A faithful copy of all the data is required; pictures should not be included.

## Dataset records:
..............................

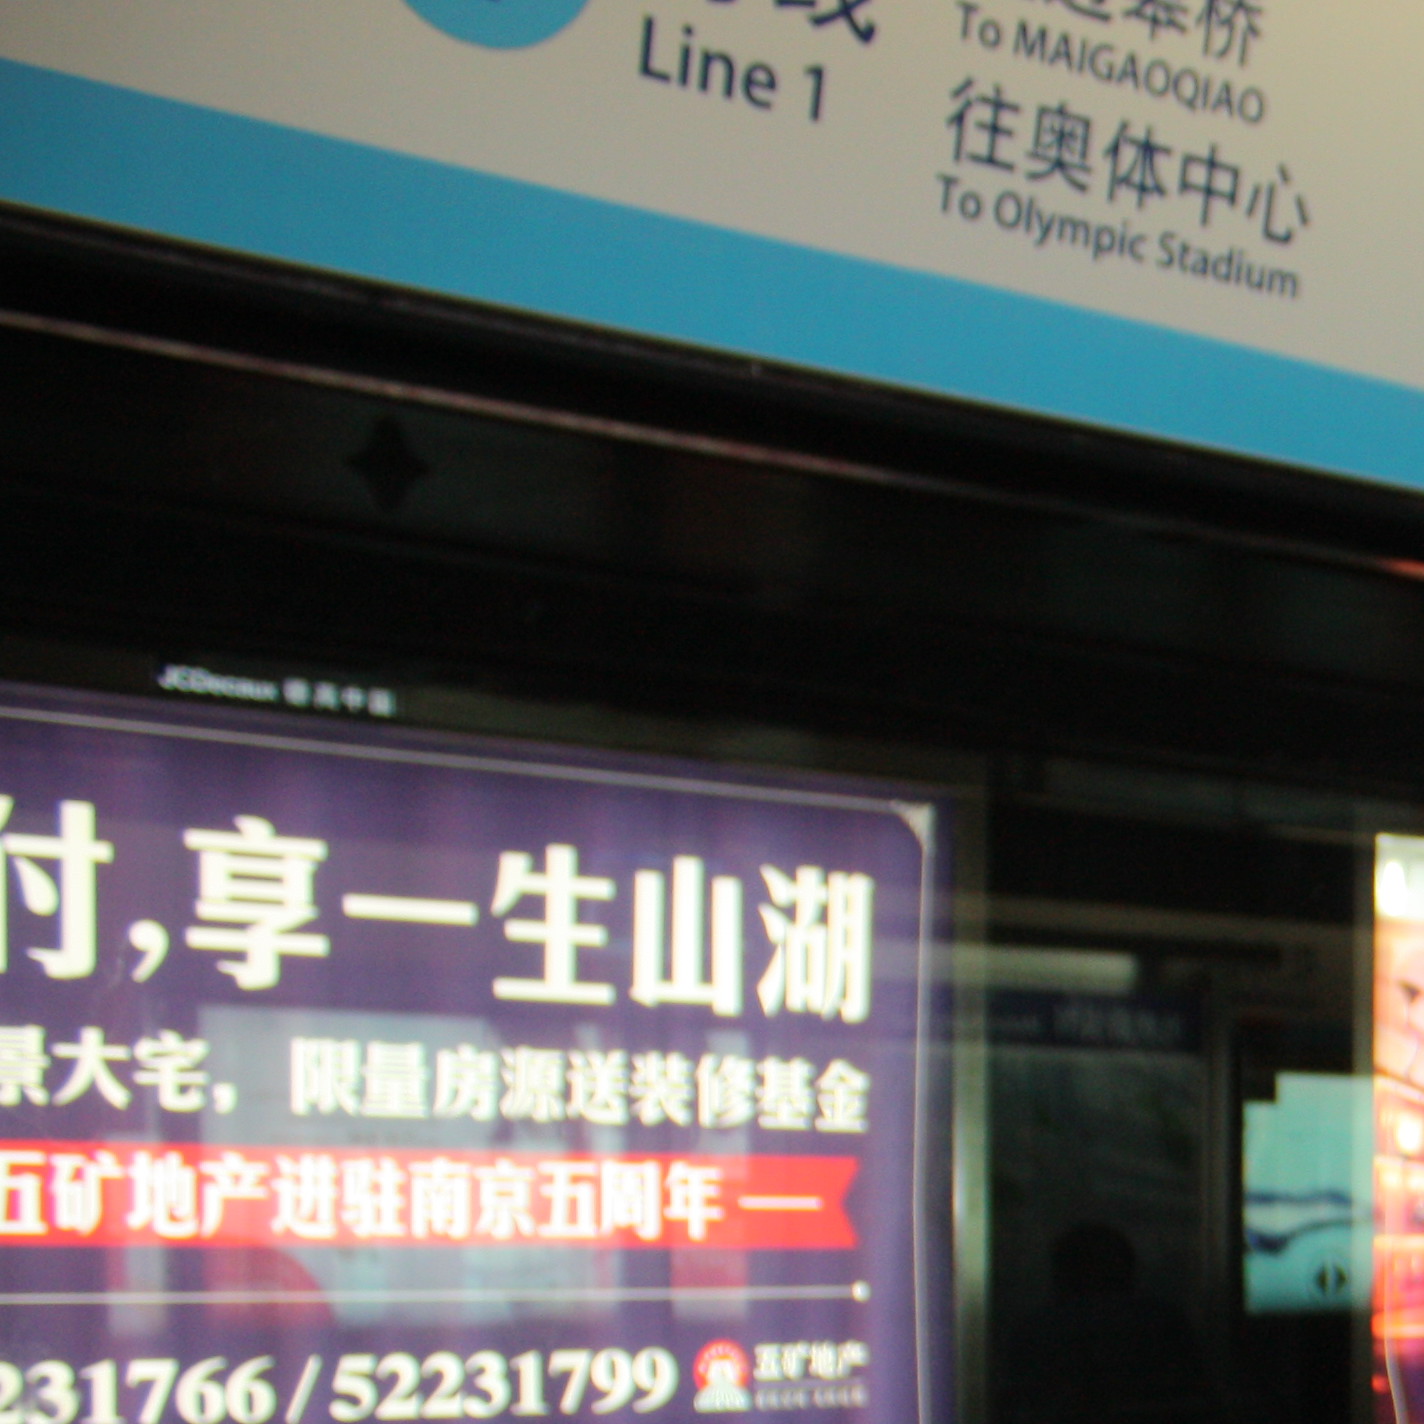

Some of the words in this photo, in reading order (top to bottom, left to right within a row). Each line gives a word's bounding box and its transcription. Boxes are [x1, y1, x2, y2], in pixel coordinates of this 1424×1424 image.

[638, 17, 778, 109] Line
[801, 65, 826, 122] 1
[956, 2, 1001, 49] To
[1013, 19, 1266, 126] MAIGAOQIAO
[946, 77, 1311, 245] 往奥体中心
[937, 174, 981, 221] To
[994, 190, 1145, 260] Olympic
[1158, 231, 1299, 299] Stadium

..............................

## Problem solution:
Some of the words in this photo, in reading order (top to bottom, left to right within a row). Each line gives a word's bounding box and its transcription. Boxes are [x1, y1, x2, y2], in pixel coordinates of this 1424×1424 image.

[638, 17, 778, 109] Line
[801, 65, 826, 122] 1
[956, 2, 1001, 49] To
[1013, 19, 1266, 126] MAIGAOQIAO
[946, 77, 1311, 245] 往奥体中心
[937, 174, 981, 221] To
[994, 190, 1145, 260] Olympic
[1158, 231, 1299, 299] Stadium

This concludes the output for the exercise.